What Jesus Has to Say About Marriage| National Catholic Register
User’s Guide to Sunday, Oct. 6 Sunday, Oct. 6, is the 27th Sunday in Ordinary Time. Mass readings: Genesis 2:18-24, Psalm 128:1-2, 3, 4-5, 6; Hebrews 2:9-11; Mark 10:2-16 or 10:2-12 This Sunday’s Gospel offers some fundamental teachings on...
User’s Guide to Sunday, Oct. 6
Sunday, Oct. 6, is the 27th Sunday in Ordinary Time.
Mass readings: Genesis 2:18-24, Psalm 128:1-2, 3, 4-5, 6; Hebrews 2:9-11; Mark 10:2-16 or 10:2-12
This Sunday’s Gospel offers some fundamental teachings on marriage.
The Gospel opens with the Pharisees approaching Jesus and asking, somewhat rhetorically, “Is it lawful for a husband to divorce his wife?”
Jesus, aware of their hypocrisy (they do not really want an answer from him on which to base their lives), asks them in return, “What did Moses command you?” They gleefully respond, in essence, that Moses permitted a husband to divorce his wife as long as he “filled out the paperwork,” if you will.
Jesus, having encountered their hardened hearts, announces a restoration, a return to God’s original plan for marriage. The Lord quotes the Book of Genesis, saying, “But from the beginning of creation God made them male and female. And for this reason a man shall leave his father and mother, and be joined to his wife, and the two shall become one flesh. So they are no longer two, but one flesh. Therefore, what God has joined together, no human being must separate.”
In other words, anything that may have happened in the aftermath of original sin, any compromises or arrangements that have emerged during the reign of sin, are now to be done away with in the reign of grace that will come as the result of Jesus’ saving death and resurrection.
As is true today, Jesus’ reassertion of traditional, biblical marriage was met with controversy. The disciples are somewhat troubled by what Jesus says and ask him about it again later. Jesus does not back down. He even intensifies his language, saying, “Whoever divorces his wife and marries another commits adultery against her; and if she divorces her husband and marries another, she commits adultery.”
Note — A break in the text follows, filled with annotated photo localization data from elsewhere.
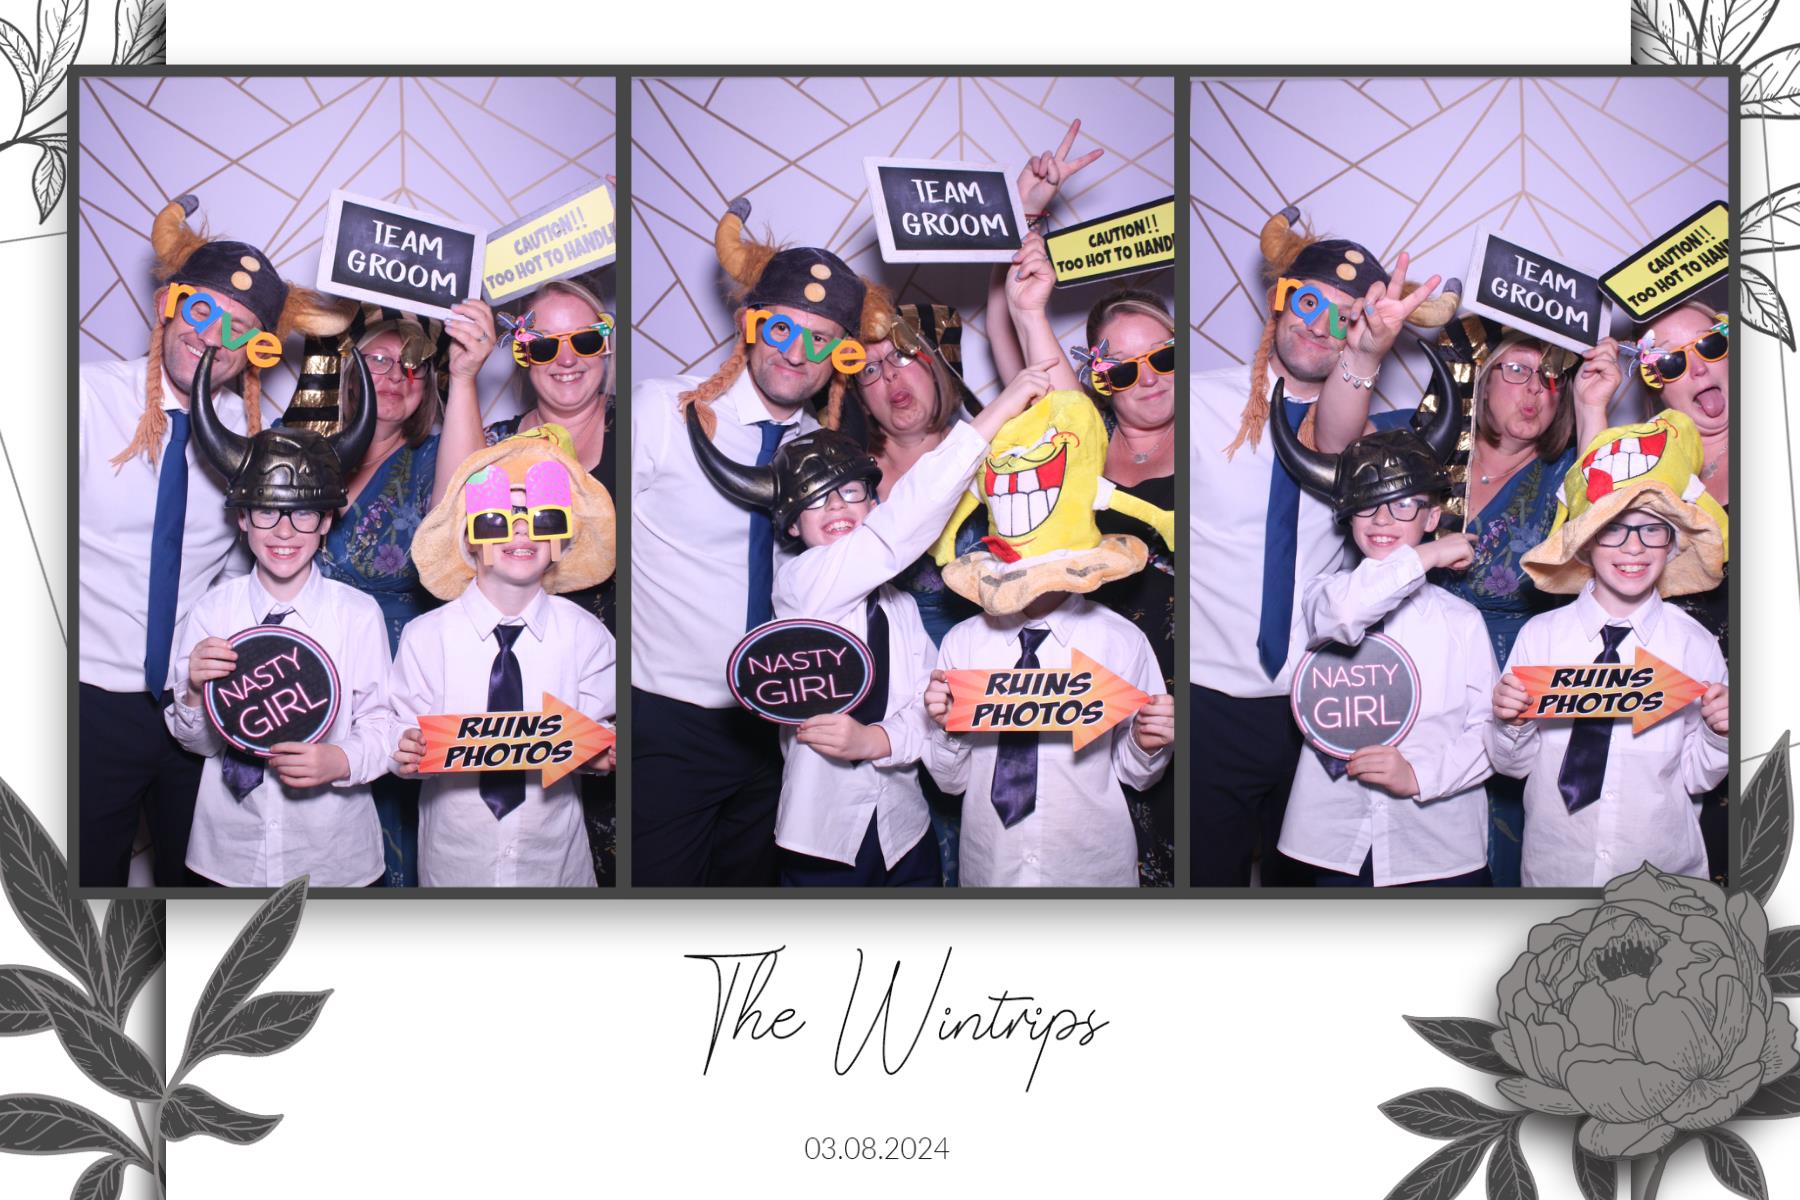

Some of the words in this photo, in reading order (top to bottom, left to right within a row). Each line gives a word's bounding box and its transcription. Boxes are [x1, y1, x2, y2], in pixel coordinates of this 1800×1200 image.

[911, 178, 985, 205] TEAM
[372, 219, 443, 260] TEAM
[513, 206, 587, 256] CAUTION!!
[901, 212, 1009, 238] GROOM
[1088, 213, 1160, 248] CAUTION!!
[485, 269, 514, 289] TOO
[514, 255, 544, 278] HOT
[543, 247, 563, 268] TO
[1056, 257, 1084, 273] TOO
[1086, 249, 1112, 268] HOT
[1112, 245, 1133, 261] TO
[1134, 233, 1175, 258] HAND
[1648, 225, 1716, 274] CAUTION!!
[346, 249, 458, 297] GROOM
[1514, 254, 1577, 299] TEAM
[1627, 287, 1657, 307] TOO
[1654, 270, 1684, 293] HOT
[1680, 260, 1702, 277] TO
[1697, 239, 1728, 268] HAN
[164, 282, 283, 368] rave
[1274, 277, 1347, 340] rav
[1491, 277, 1589, 333] GROOM
[745, 308, 867, 374] rave
[218, 646, 301, 708] NASTY
[748, 647, 847, 675] NASTY
[1312, 663, 1399, 689] NASTY
[1550, 667, 1654, 689] RUINS
[756, 673, 854, 705] GIRL
[985, 671, 1093, 697] RUINS
[1536, 691, 1664, 714] PHOTOS
[239, 682, 328, 738] GIRL
[457, 714, 562, 739] RUINS
[971, 700, 1104, 728] PHOTOS
[1314, 694, 1401, 728] GIRL
[443, 740, 573, 769] PHOTOS
There will be no apology from Jesus: Divorce and remarriage is adultery. Marriage is a work of God; it has a reality and an existence that flows from God’s work. All of humanity’s attempts to redefine, obfuscate or alter marriage as God has set it forth are not recognized by God.
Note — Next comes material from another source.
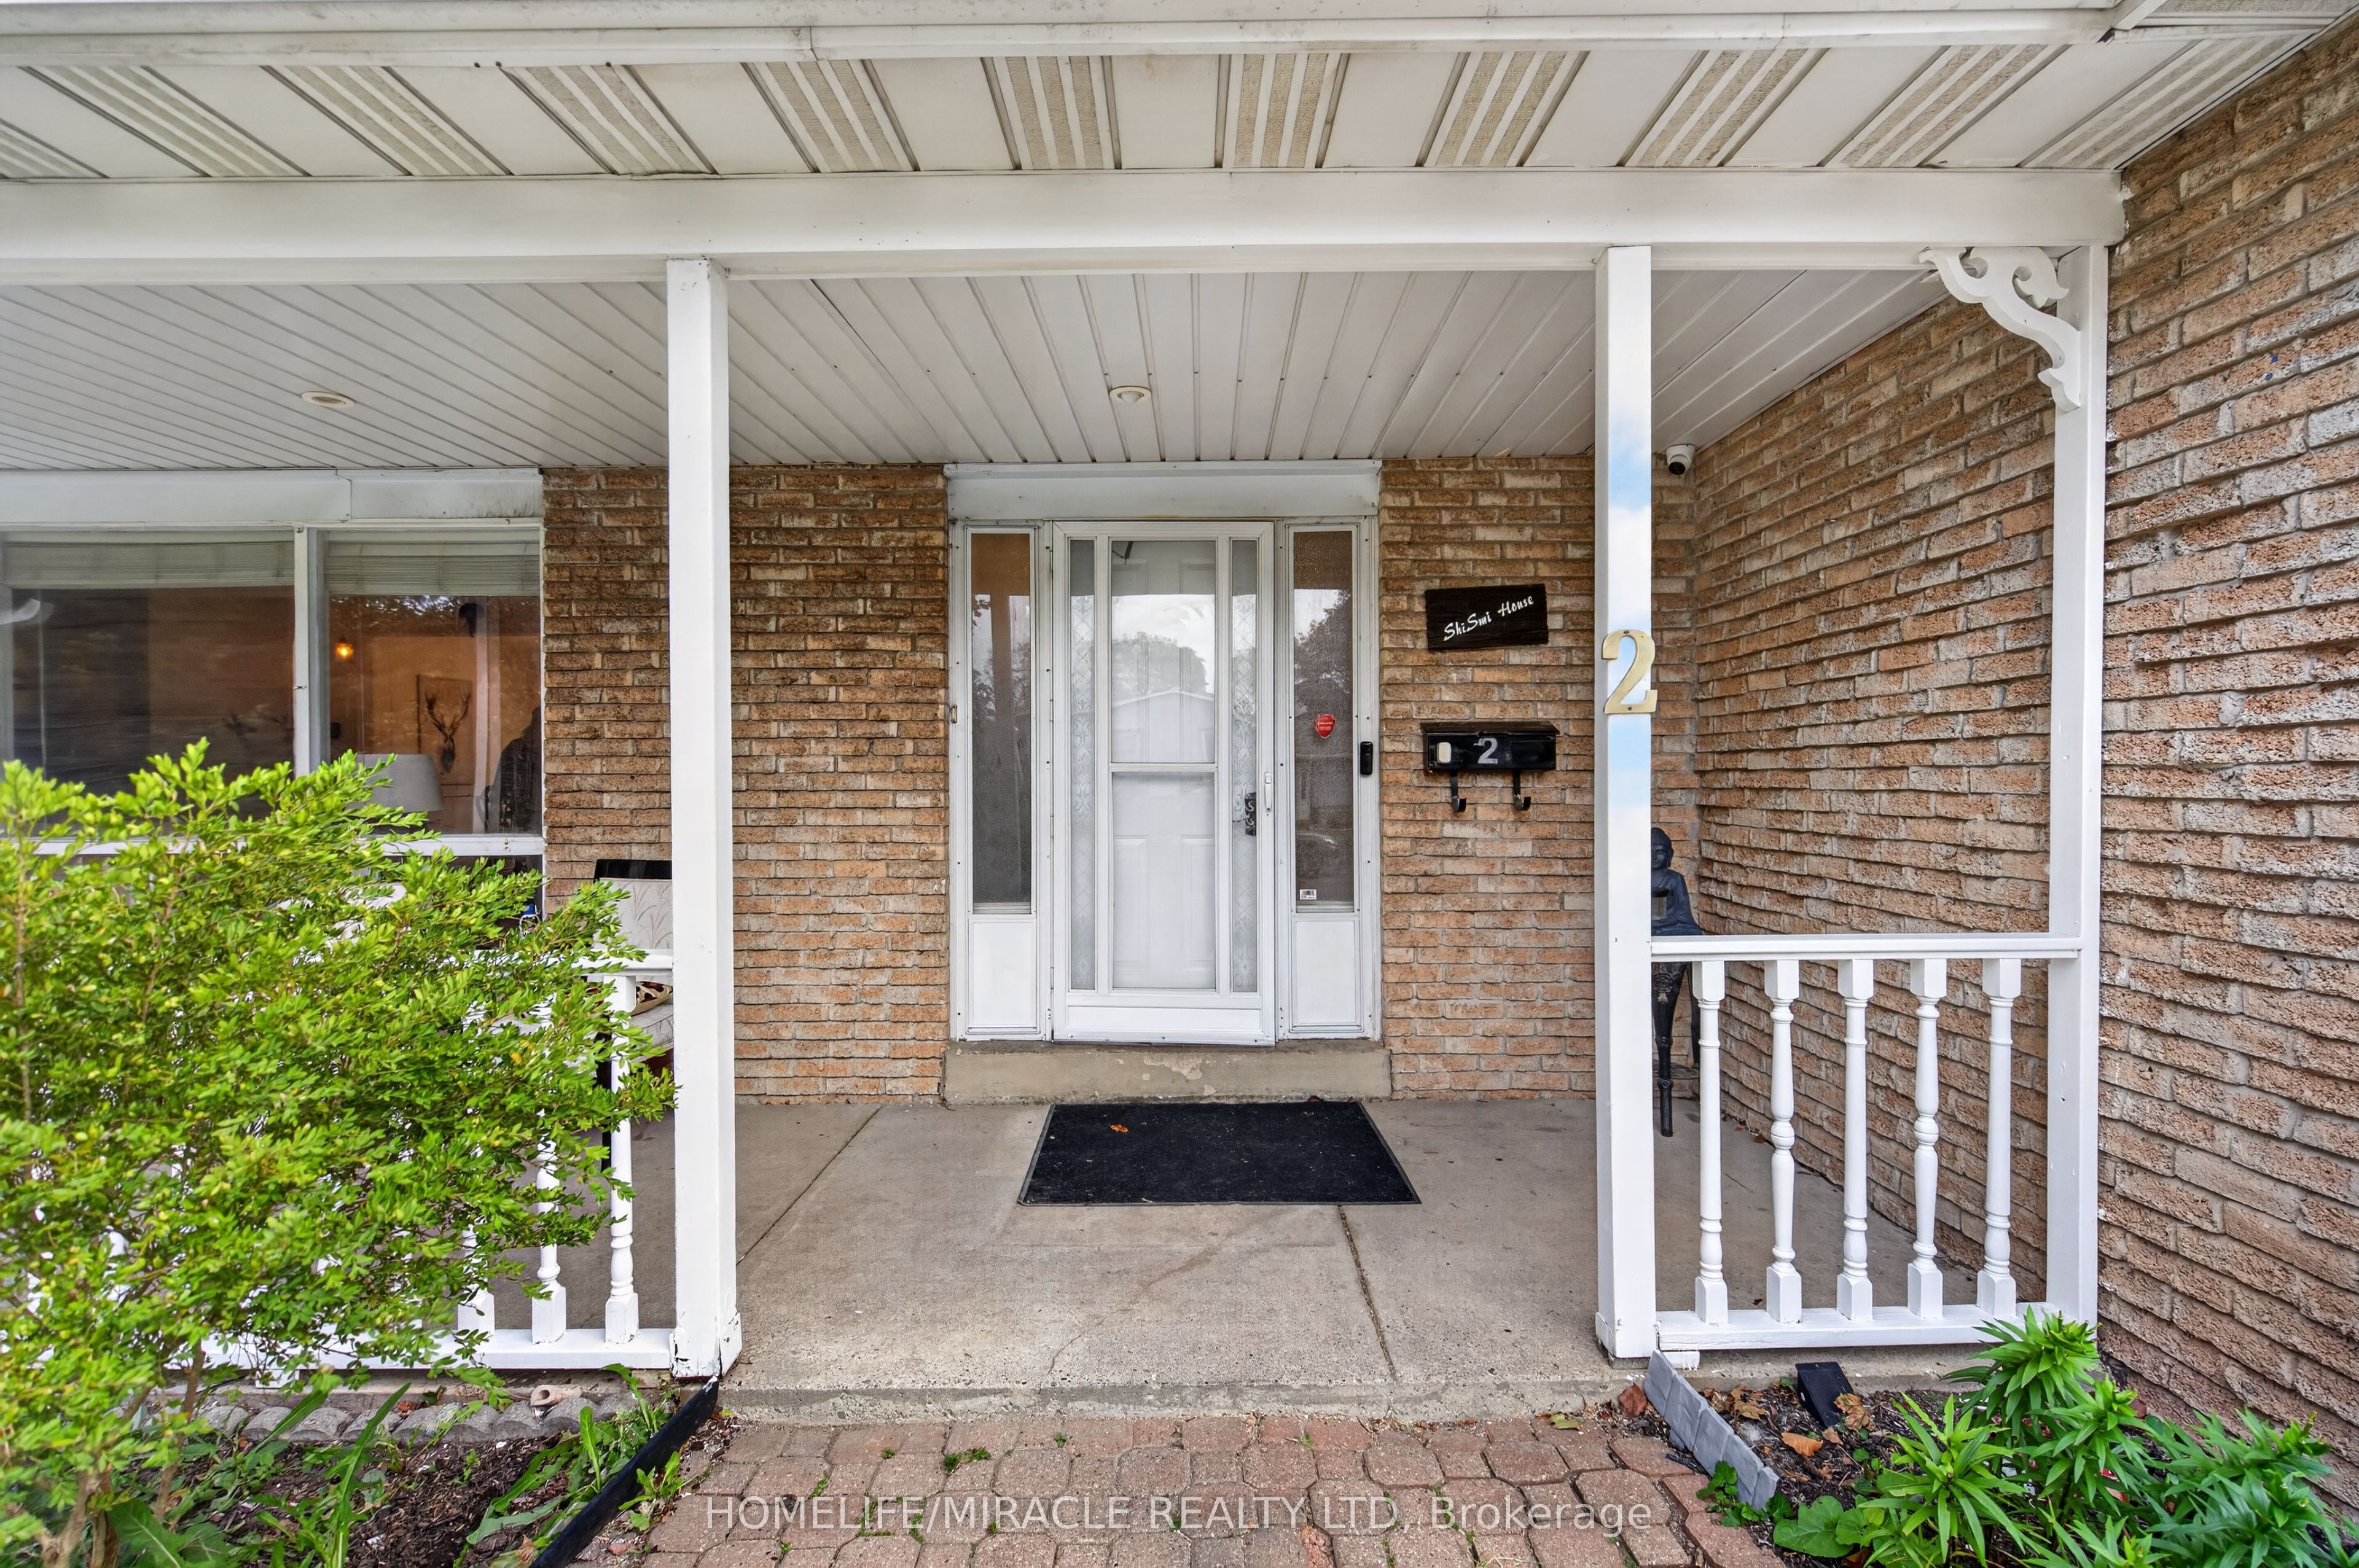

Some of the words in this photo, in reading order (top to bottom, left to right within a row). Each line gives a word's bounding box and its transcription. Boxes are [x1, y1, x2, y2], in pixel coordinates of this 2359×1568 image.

[1497, 596, 1534, 617] House
[1602, 629, 1657, 714] 2
[1474, 737, 1498, 765] 2
Next comes an interesting twist, which includes a reminder of one of the most essential purposes of marriage: “And people were bringing their little children to Jesus that he might touch them, but the disciples rebuked them. … Jesus saw this, became indignant and said to them, ‘Let the children come to me; do not hinder them, for the kingdom of God belongs to such as these.’”
Because children are marriage’s most fundamental fruit, it makes sense that marriage is based on what is best for them: a stable, lasting environment in which their parents have committed to each other in mutual support and partnership in raising them. There are things that a father can teach a child that a mother cannot; there are things that a mother can teach a child that a father cannot.
Note how the Lord embraces the child in this Gospel: He is willing to embrace us as well, in our failures and our difficulties. If we have failed, we should be like a young child — and run to the Father.